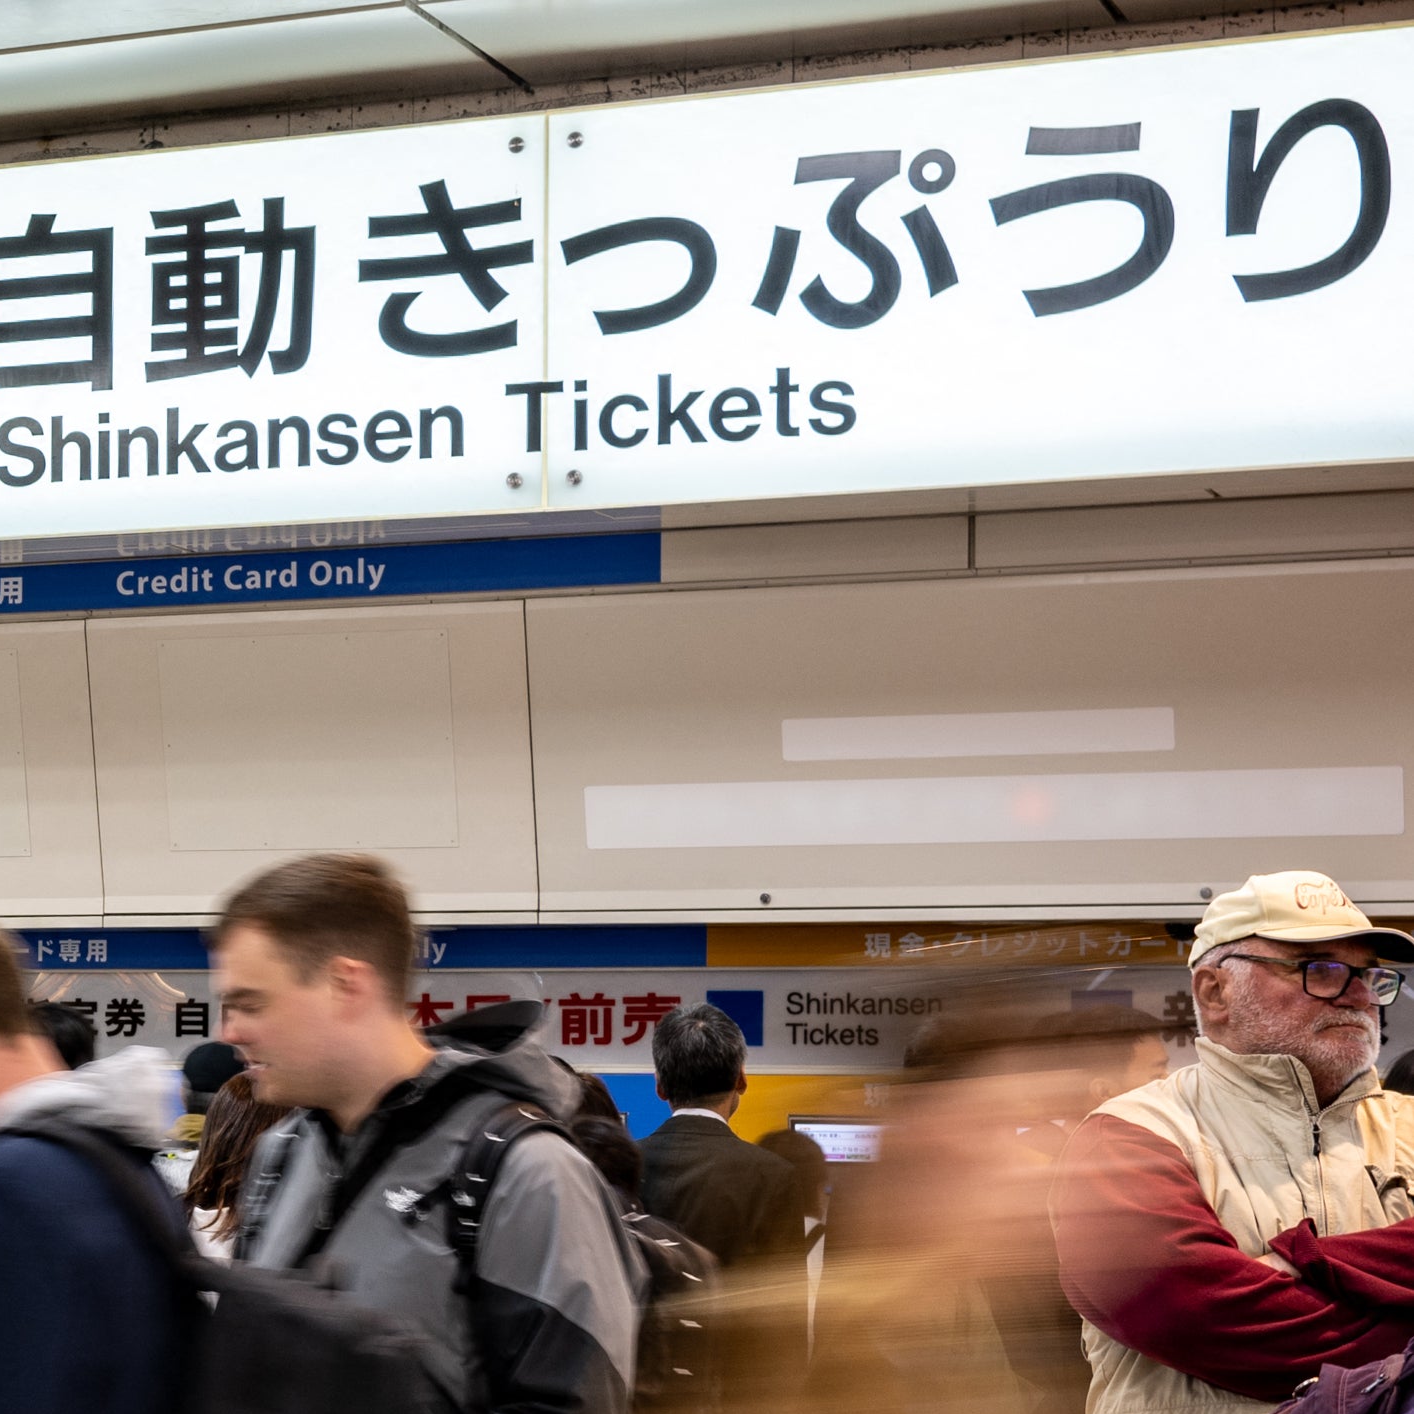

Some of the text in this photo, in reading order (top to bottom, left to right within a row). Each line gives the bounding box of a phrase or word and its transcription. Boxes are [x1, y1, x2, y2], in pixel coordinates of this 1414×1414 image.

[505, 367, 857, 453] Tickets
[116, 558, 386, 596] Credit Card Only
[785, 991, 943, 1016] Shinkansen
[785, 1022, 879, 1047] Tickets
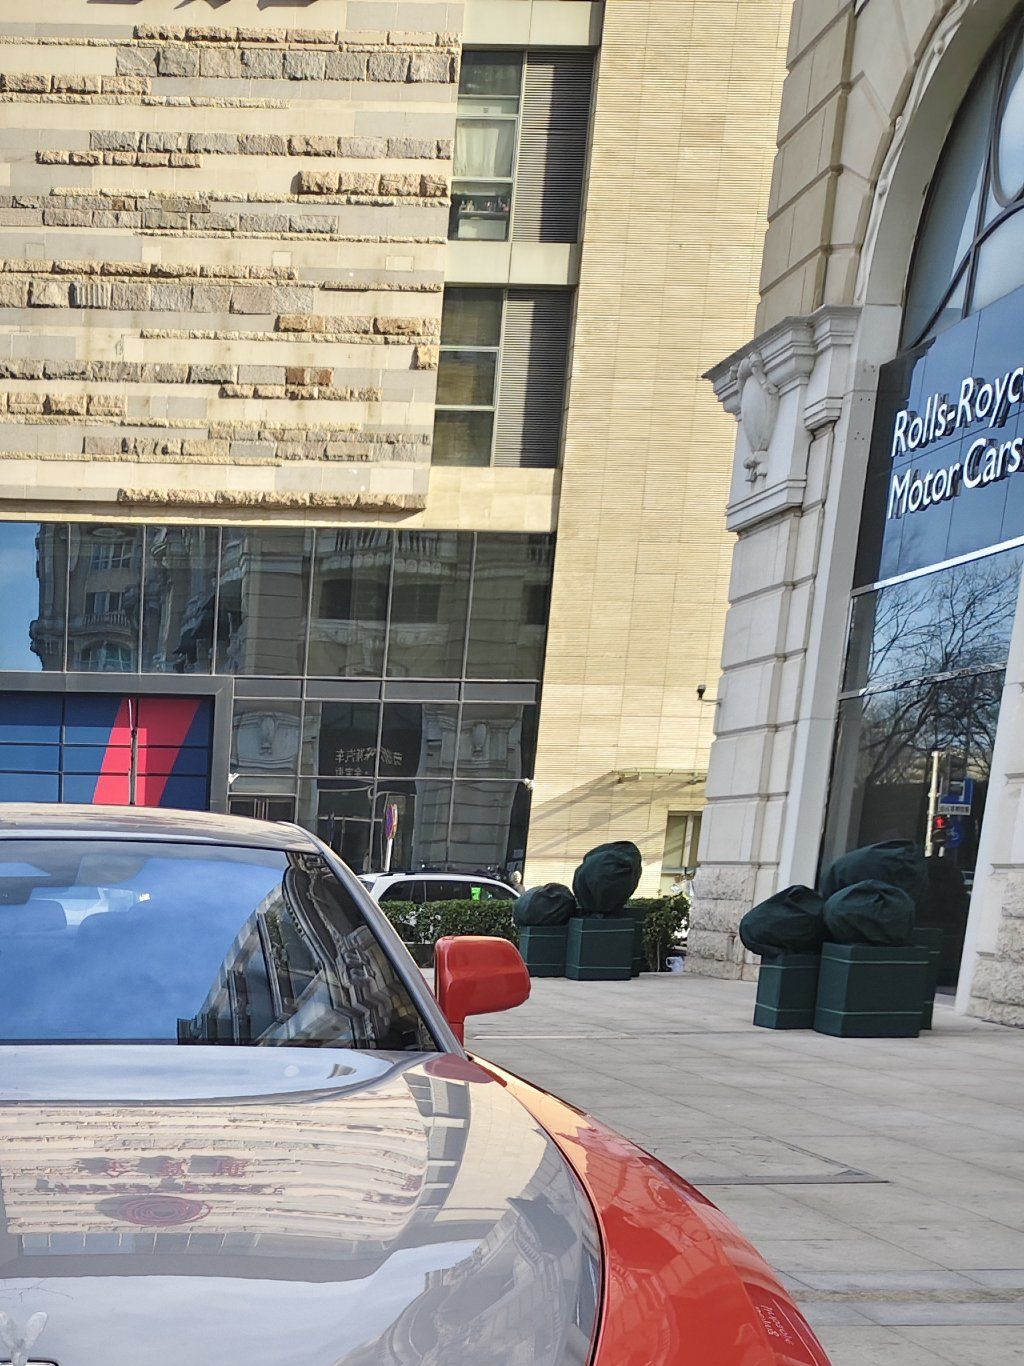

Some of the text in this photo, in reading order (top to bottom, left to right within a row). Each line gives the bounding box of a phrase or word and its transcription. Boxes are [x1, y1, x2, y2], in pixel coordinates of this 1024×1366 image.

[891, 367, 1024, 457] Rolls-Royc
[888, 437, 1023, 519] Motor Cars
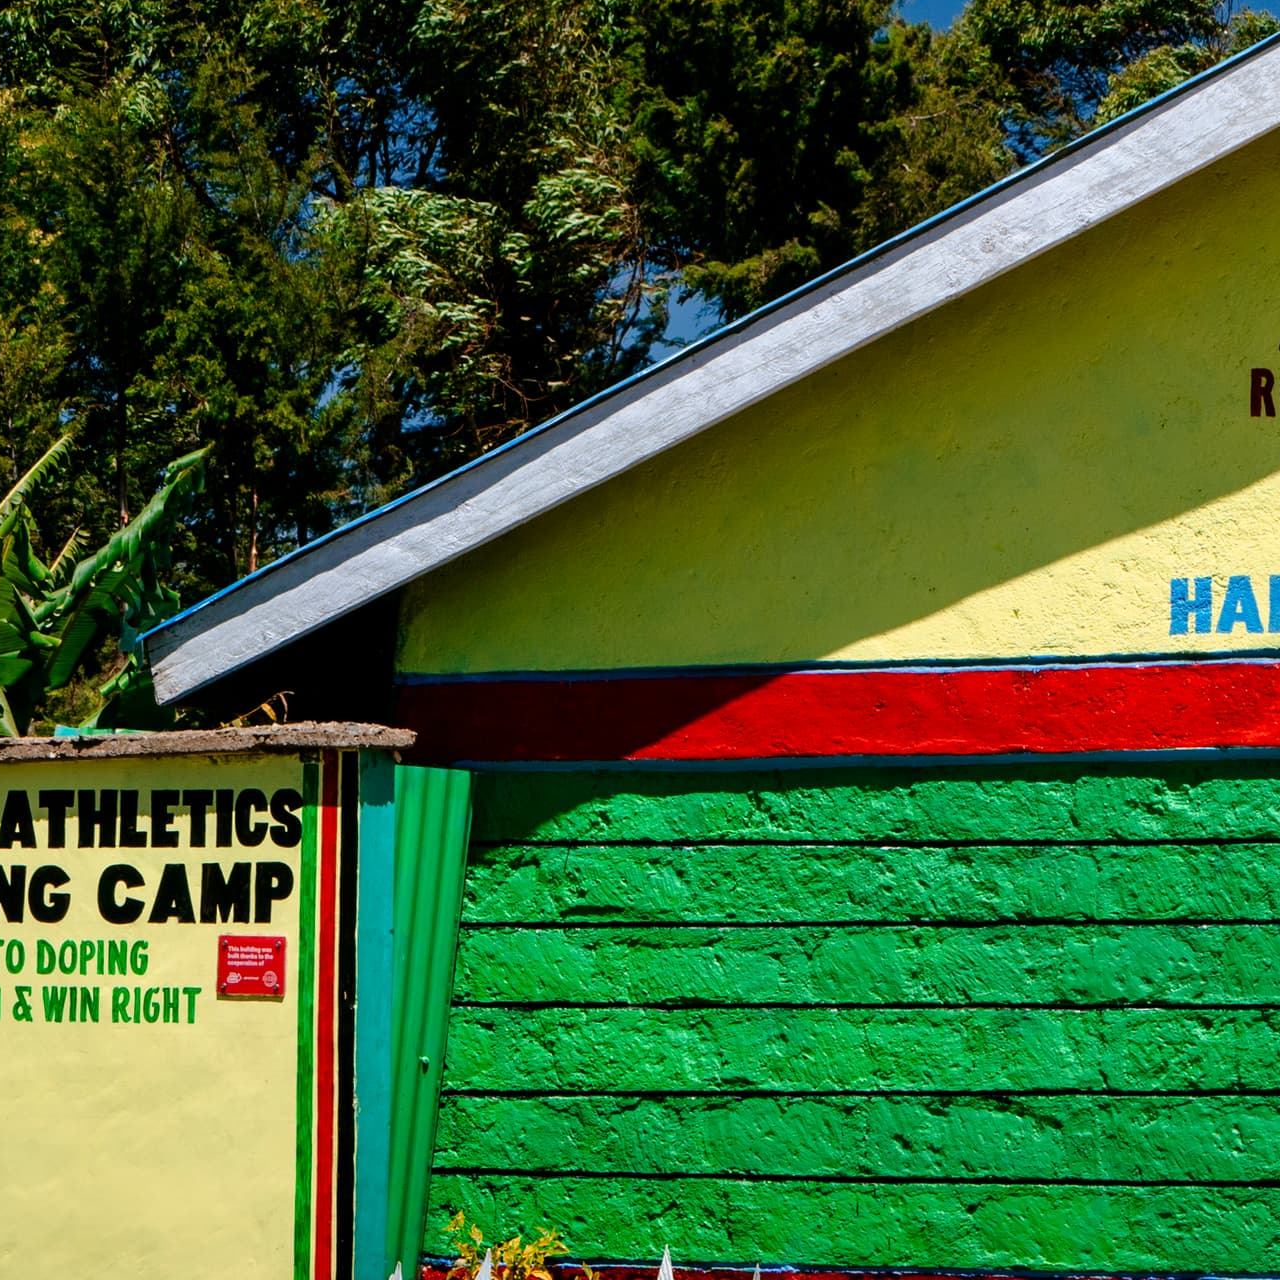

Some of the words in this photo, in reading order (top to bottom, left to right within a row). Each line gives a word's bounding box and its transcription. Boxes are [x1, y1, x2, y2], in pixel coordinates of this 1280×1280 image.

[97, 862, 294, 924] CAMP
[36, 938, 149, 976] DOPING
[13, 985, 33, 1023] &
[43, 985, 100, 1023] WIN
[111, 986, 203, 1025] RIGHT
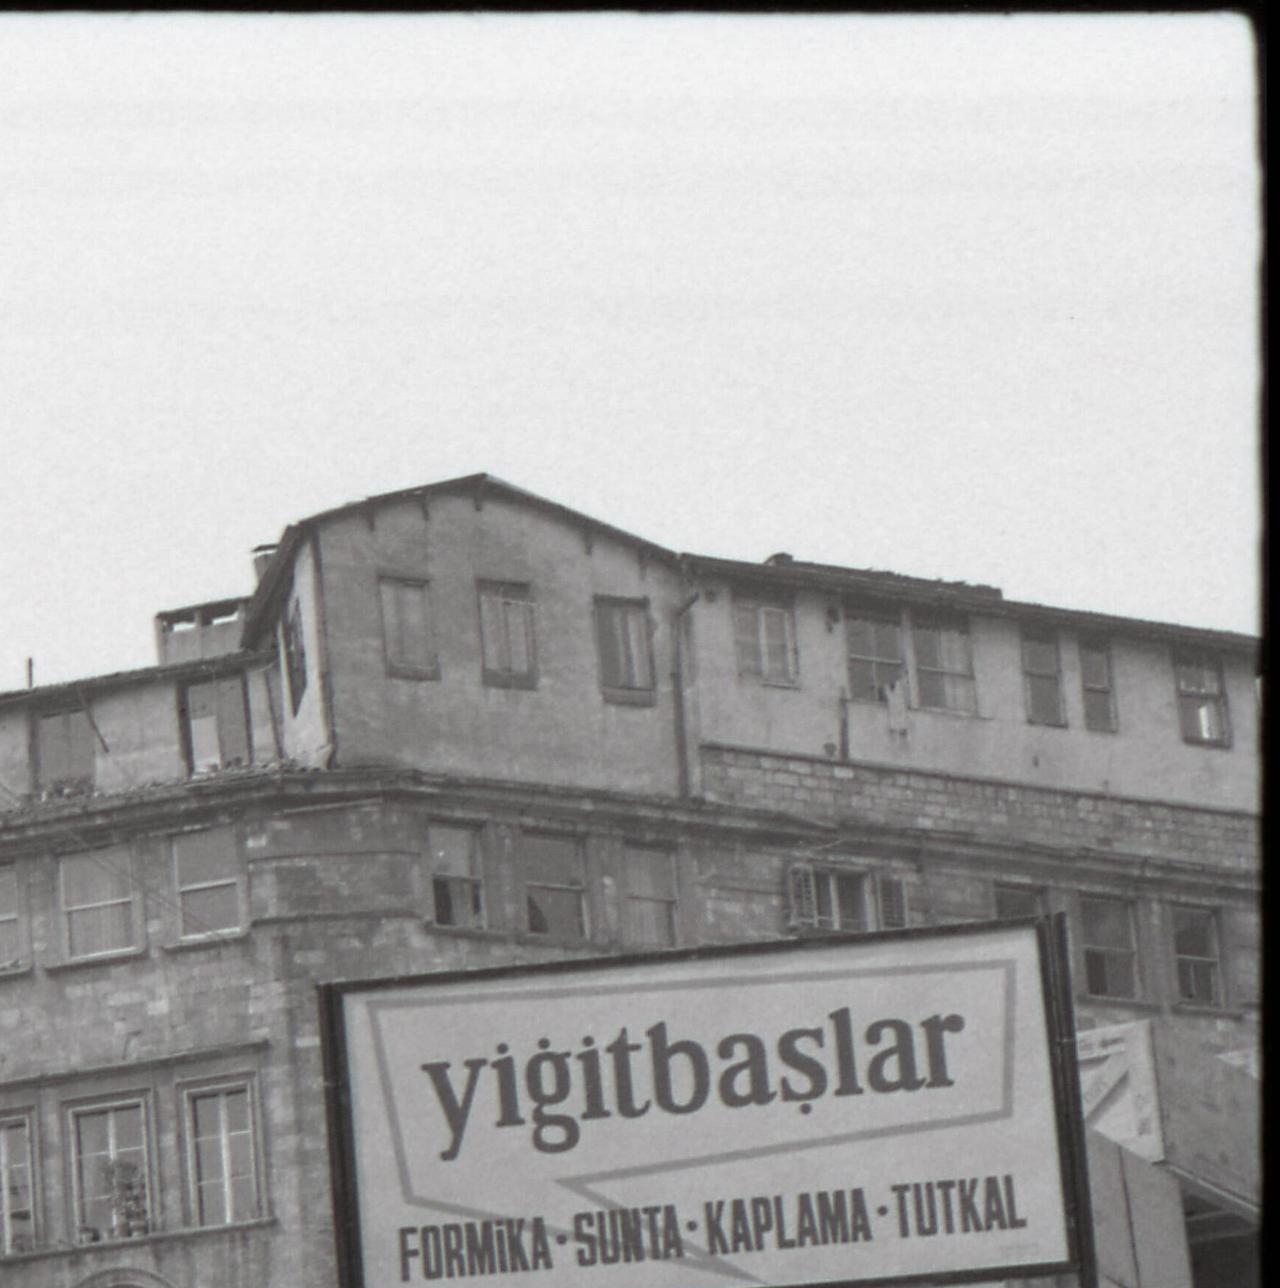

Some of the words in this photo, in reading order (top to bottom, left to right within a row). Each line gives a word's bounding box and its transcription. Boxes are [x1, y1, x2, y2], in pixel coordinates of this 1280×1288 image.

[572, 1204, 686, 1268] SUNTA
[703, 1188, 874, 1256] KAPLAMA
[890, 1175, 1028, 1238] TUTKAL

# What you have to do
Write out the lines above exactly, but only from the one containing "this 1280×1288 image." through the last one.

# Response
Some of the words in this photo, in reading order (top to bottom, left to right within a row). Each line gives a word's bounding box and its transcription. Boxes are [x1, y1, x2, y2], in pixel coordinates of this 1280×1288 image.

[572, 1204, 686, 1268] SUNTA
[703, 1188, 874, 1256] KAPLAMA
[890, 1175, 1028, 1238] TUTKAL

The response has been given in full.